■ Task brief ■
From the listing below, copy out every line where the word "Республики" appears.

■ Dataset extract ■
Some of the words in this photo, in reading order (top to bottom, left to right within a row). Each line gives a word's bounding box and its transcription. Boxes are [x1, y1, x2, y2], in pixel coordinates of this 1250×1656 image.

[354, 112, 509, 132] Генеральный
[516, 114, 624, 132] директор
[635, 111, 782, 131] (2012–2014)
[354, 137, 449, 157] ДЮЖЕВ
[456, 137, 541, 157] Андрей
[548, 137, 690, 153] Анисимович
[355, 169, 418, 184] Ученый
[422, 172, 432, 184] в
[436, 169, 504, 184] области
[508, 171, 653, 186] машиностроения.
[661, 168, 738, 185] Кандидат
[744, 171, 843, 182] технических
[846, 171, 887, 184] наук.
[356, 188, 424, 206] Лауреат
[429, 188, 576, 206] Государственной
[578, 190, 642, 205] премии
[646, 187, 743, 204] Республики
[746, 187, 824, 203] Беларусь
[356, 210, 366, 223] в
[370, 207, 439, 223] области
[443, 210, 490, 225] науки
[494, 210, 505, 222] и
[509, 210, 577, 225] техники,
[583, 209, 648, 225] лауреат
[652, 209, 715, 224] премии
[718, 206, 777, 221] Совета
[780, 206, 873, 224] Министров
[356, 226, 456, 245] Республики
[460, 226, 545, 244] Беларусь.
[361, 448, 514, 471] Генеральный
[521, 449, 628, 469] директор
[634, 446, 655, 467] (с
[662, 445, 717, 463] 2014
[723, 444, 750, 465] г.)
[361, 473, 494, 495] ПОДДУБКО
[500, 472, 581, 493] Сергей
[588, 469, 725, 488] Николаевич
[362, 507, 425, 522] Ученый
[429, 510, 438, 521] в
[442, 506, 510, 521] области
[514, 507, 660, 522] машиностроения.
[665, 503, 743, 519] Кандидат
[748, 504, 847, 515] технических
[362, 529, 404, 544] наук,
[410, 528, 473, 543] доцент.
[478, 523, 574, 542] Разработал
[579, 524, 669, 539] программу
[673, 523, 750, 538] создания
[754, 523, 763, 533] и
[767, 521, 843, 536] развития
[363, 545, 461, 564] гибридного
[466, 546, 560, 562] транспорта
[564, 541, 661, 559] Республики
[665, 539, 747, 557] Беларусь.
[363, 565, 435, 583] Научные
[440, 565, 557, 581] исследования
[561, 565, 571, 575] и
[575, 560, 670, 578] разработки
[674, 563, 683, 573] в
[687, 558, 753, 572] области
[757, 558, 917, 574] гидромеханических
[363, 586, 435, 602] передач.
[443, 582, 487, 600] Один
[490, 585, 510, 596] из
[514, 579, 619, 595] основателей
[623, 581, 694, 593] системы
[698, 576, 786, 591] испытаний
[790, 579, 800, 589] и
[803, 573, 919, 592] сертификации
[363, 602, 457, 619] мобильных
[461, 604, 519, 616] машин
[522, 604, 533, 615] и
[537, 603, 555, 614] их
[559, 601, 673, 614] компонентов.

■ Result of this task ■
[646, 187, 743, 204] Республики
[356, 226, 456, 245] Республики
[564, 541, 661, 559] Республики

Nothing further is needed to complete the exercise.